The American Declaration of Independence remains one of the most consequential political documents ever written. Its opening assertion that certain truths are “self-evident” transformed a colonial rebellion into something far larger: an argument that legitimacy belongs not to kings, empires, wealth, or inherited privilege, but ultimately to ordinary people. Governments, it declared, derive their authority from the consent of the governed. Power exists to serve, not to rule.
Those ideals were never fully realised, even when they were written. Slavery, exclusion, inequality, and civil war exposed the distance between principle and practice. Yet that gap did not invalidate the Declaration. It became the standard by which America could continually judge itself. Each generation inherited not a finished achievement but an unfinished promise.
Two hundred and fifty years later, that promise feels less like a national project than a museum exhibit with the alarms disabled. America’s torch of freedom, once a beacon to much of the world, now resembles a spluttering candle in a rising storm, waved around by people arguing over who owns the darkness. Public life increasingly rewards outrage over understanding, identity over citizenship, performance over responsibility, and victory over governance. Trust has become scarce. Facts are treated as tribal souvenirs. Institutions that once mediated disagreement now often amplify it, monetise it, and then express grave concern about the result.

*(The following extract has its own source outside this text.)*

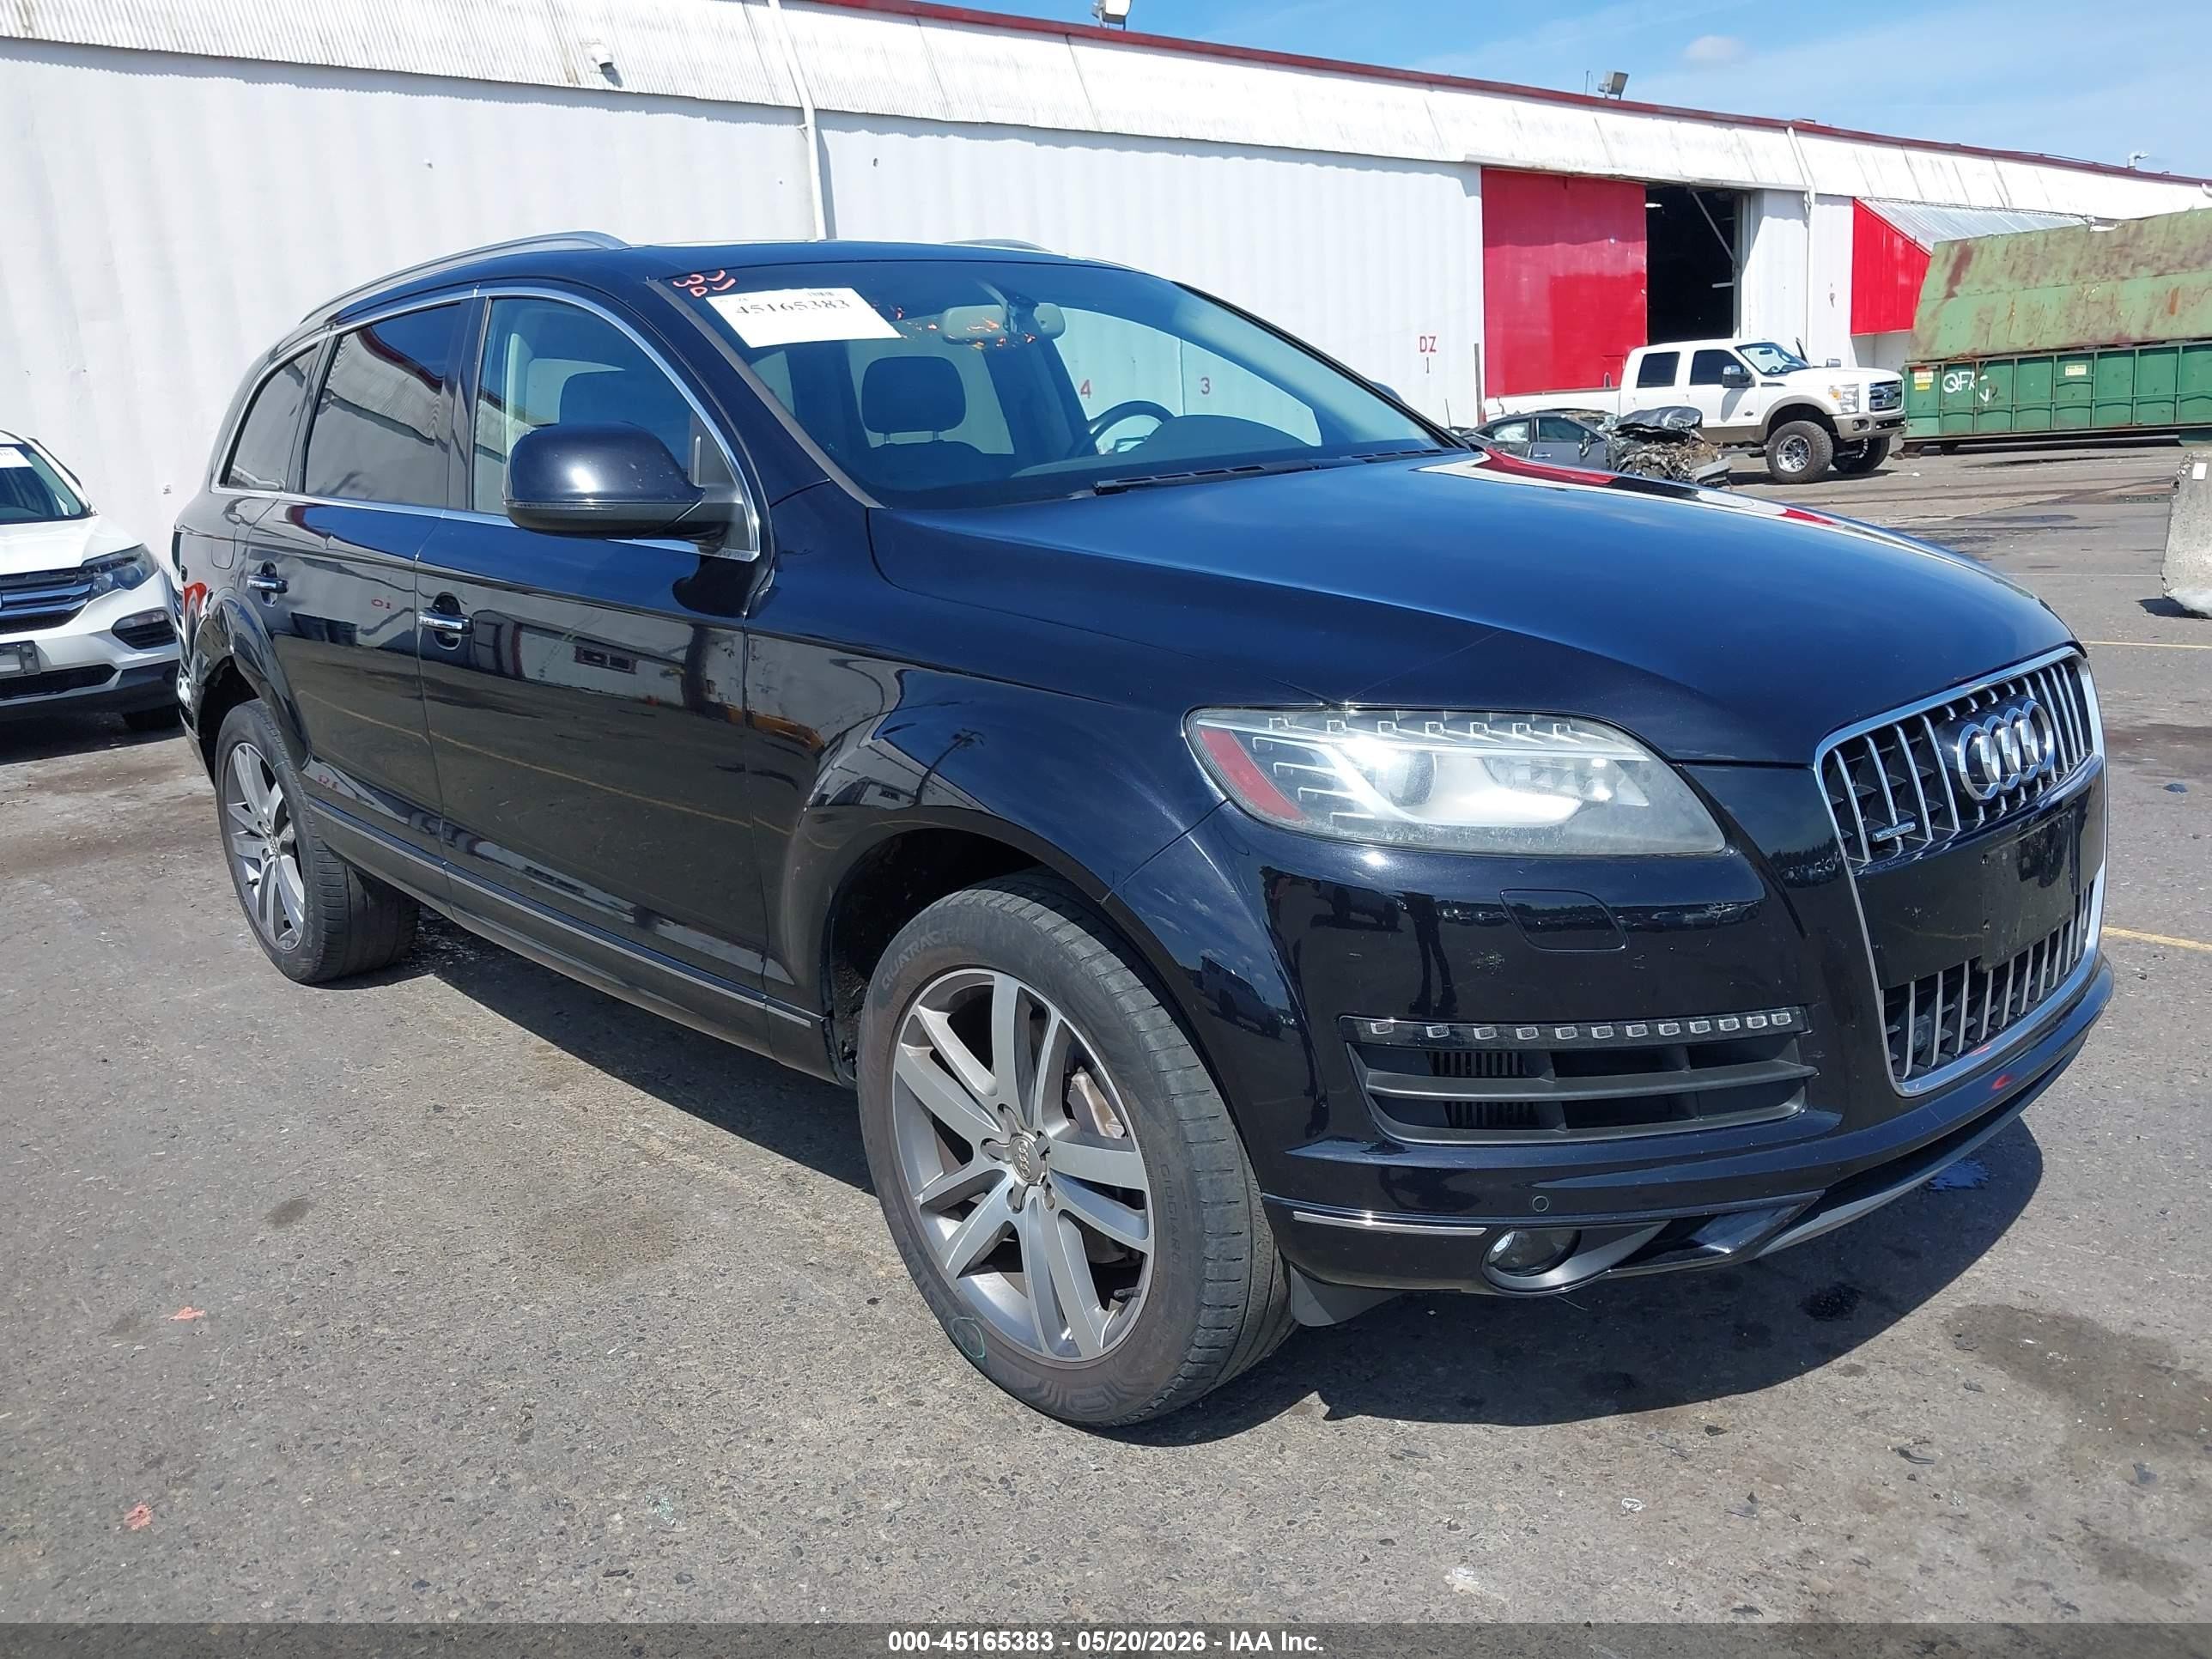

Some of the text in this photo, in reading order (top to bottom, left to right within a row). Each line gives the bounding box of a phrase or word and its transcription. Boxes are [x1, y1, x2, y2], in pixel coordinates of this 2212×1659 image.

[735, 298, 851, 315] 45165383
[1419, 335, 1437, 353] DZ
[1079, 377, 1211, 399] 4 3

The deeper danger is not simply political but structural. Democracies survive because citizens continually choose cooperation over permanent conflict. When societies reorganise themselves around division, they gradually become dependent upon the very conflicts they claim to oppose. Winning replaces governing. Opponents become enemies. Institutions adapt to reproducing disagreement rather than resolving it. A society that becomes dependent upon conflict eventually begins consuming the freedoms that conflict claims to defend, then calls the meal patriotism.
The Declaration reminds us that liberty is inseparable from responsibility. Freedom without responsibility is licence. Power without accountability becomes domination. Wealth without circulation becomes privilege. Rights endure only while citizens accept the obligations that make those rights possible. No constitution, election, court, flag, anthem, billionaire, demagogue, podcast, think tank, or televised sermon can solve that problem on behalf of a people unwilling to govern themselves.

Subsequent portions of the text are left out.